== Material for this exercise ==

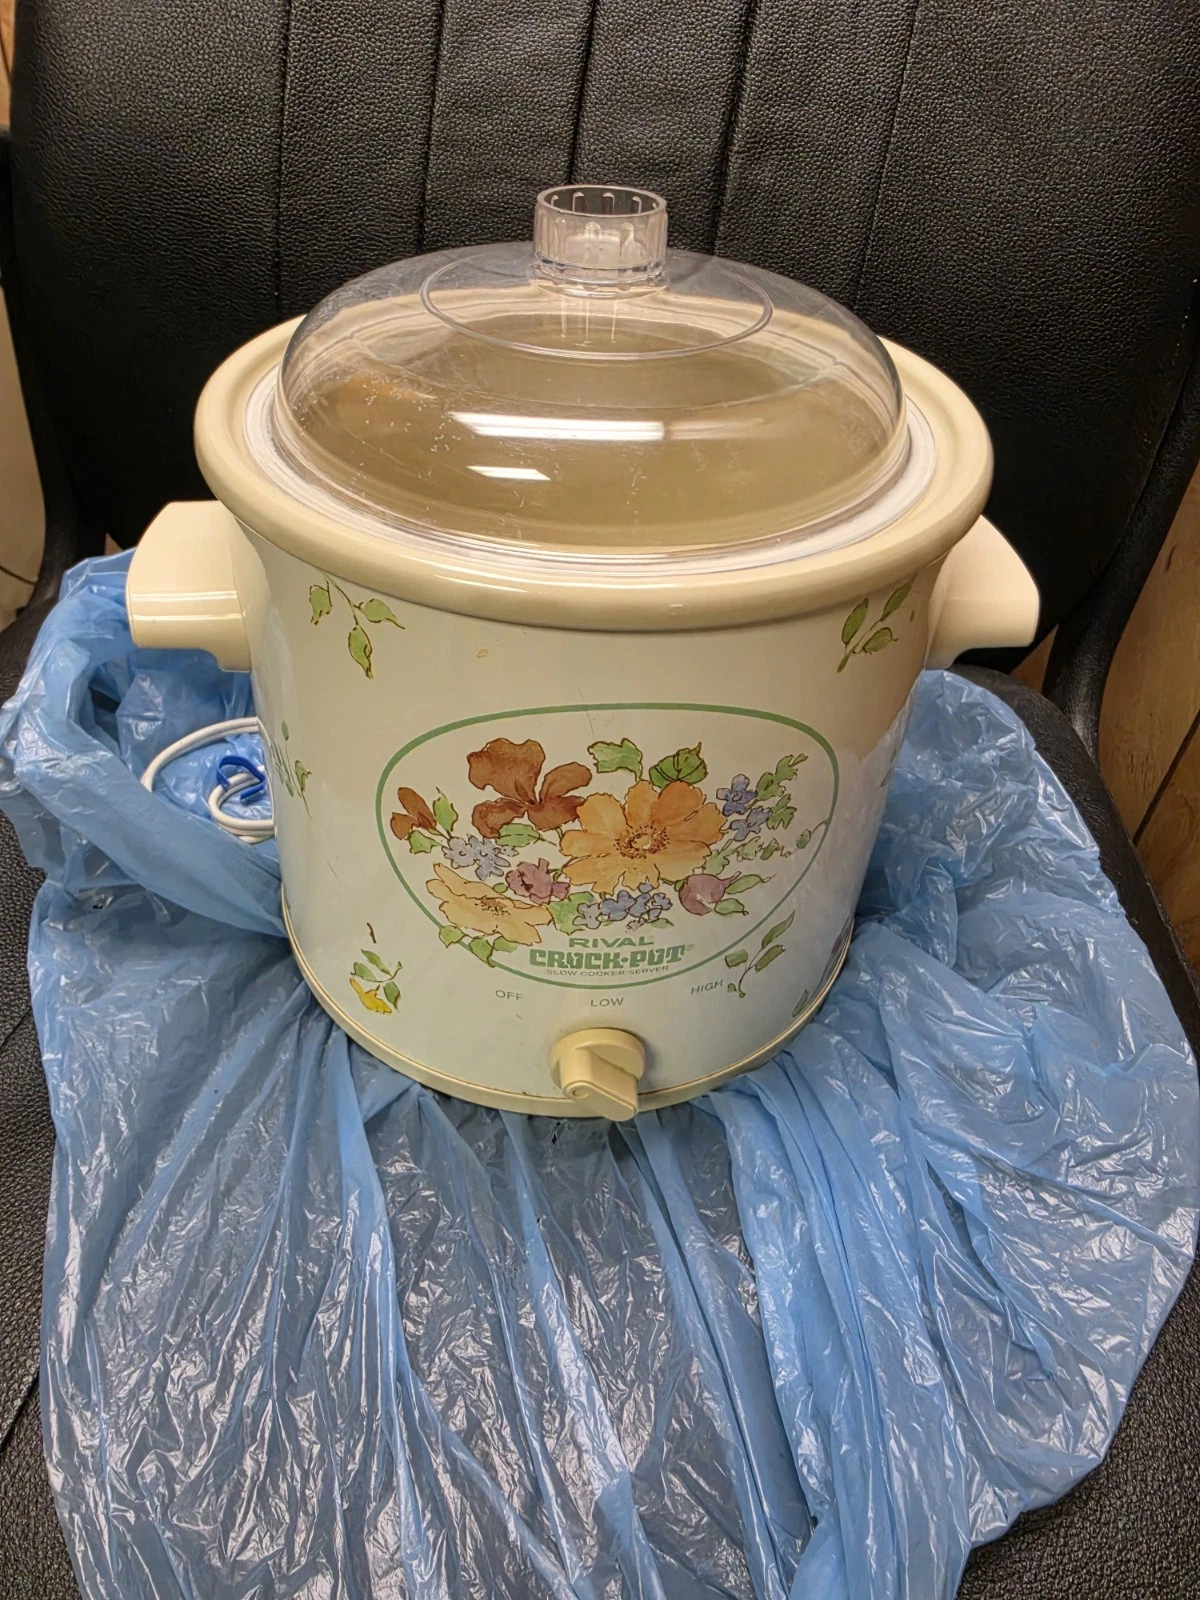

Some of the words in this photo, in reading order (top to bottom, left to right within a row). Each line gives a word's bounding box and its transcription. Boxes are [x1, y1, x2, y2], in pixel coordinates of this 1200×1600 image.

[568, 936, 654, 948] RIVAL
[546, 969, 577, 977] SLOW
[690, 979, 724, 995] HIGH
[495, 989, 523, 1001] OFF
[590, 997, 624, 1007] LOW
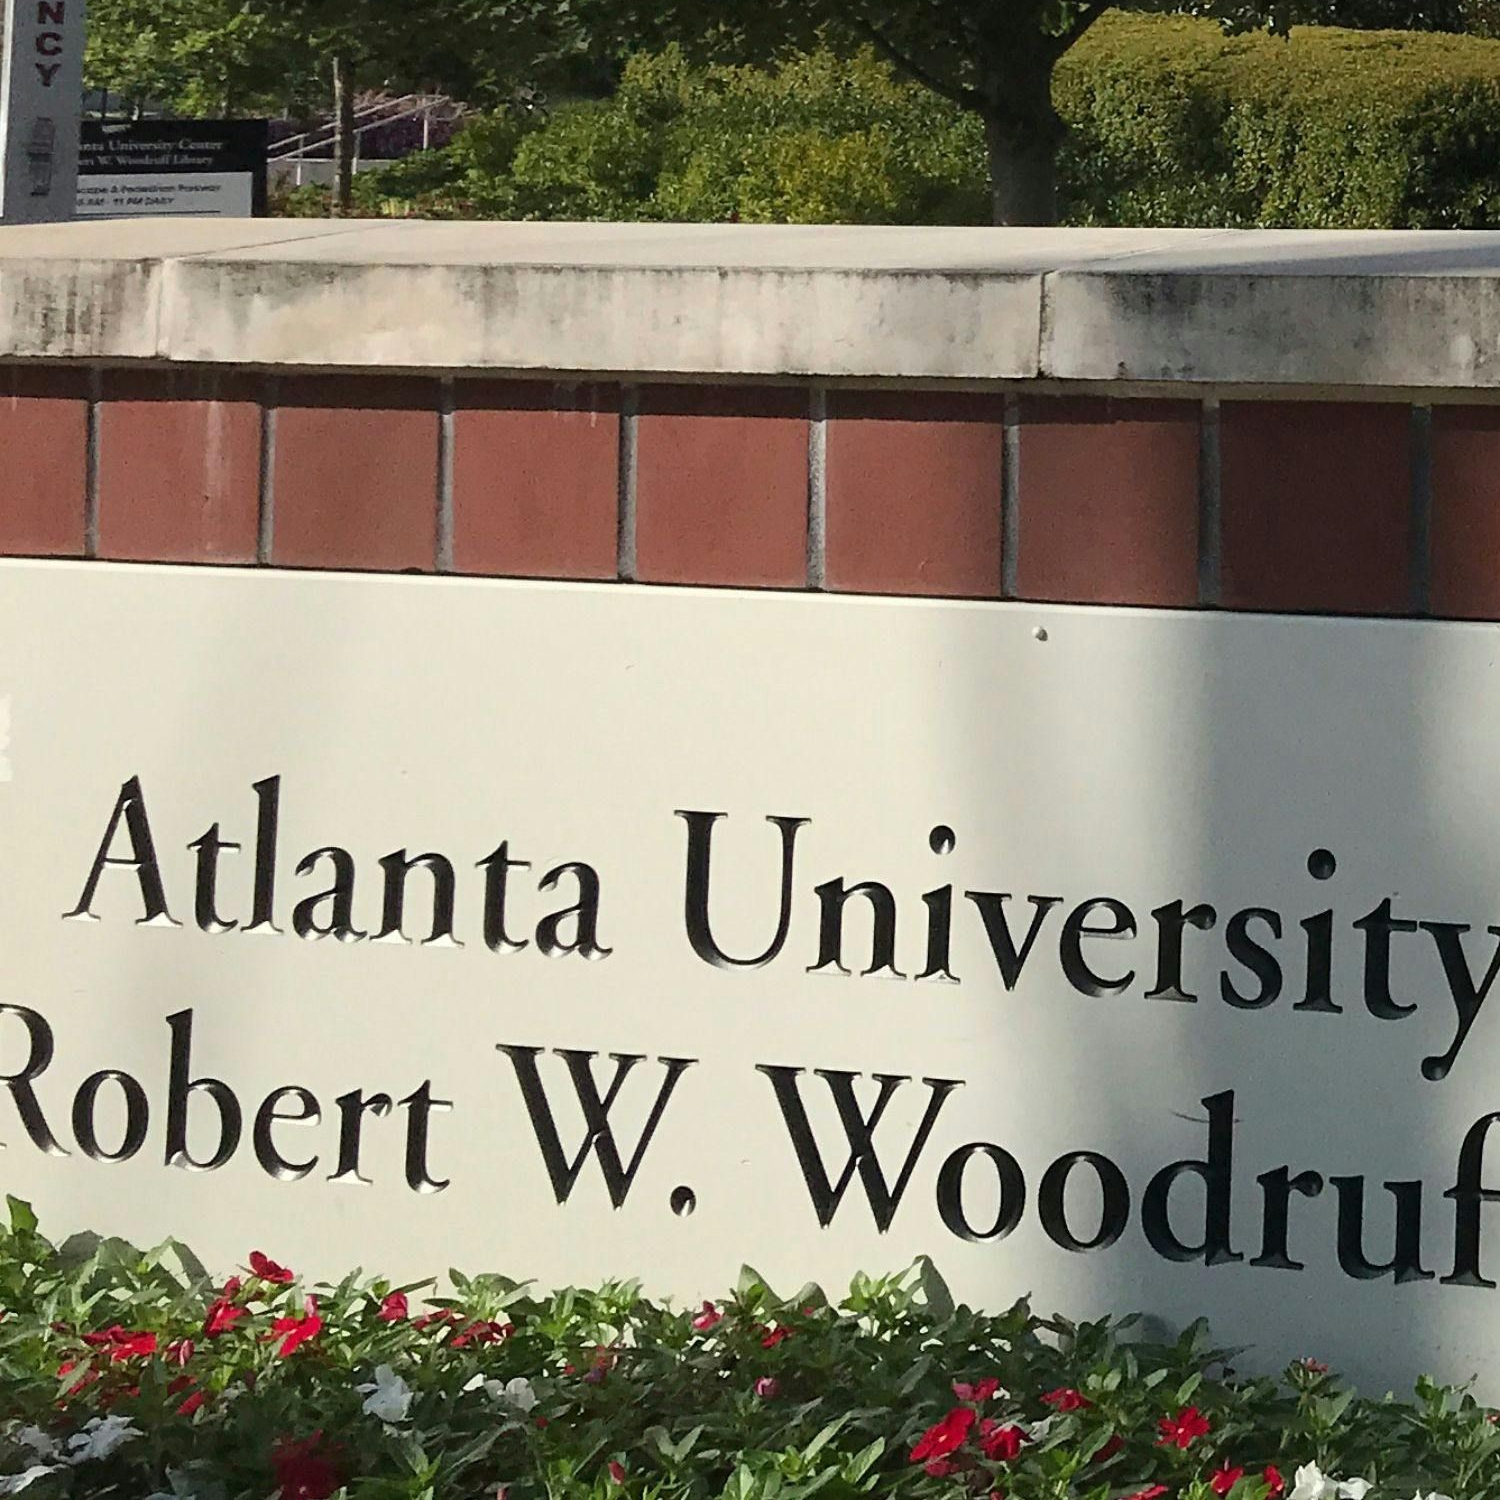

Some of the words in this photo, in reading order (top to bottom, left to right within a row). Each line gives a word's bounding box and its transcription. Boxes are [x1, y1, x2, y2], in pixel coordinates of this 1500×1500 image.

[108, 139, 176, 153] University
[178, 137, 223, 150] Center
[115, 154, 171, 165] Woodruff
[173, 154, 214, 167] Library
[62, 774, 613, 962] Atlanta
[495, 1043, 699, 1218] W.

===

### Aim of the exercise:
Copy the records exactly. Skip the images.

### Output of the task:
Some of the words in this photo, in reading order (top to bottom, left to right within a row). Each line gives a word's bounding box and its transcription. Boxes are [x1, y1, x2, y2], in pixel coordinates of this 1200×1600 image.

[568, 936, 654, 948] RIVAL
[546, 969, 577, 977] SLOW
[690, 979, 724, 995] HIGH
[495, 989, 523, 1001] OFF
[590, 997, 624, 1007] LOW

Some of the words in this photo, in reading order (top to bottom, left to right within a row). Each line gives a word's bounding box and its transcription. Boxes are [x1, y1, x2, y2], in pixel coordinates of this 1500×1500 image.

[108, 139, 176, 153] University
[178, 137, 223, 150] Center
[115, 154, 171, 165] Woodruff
[173, 154, 214, 167] Library
[62, 774, 613, 962] Atlanta
[495, 1043, 699, 1218] W.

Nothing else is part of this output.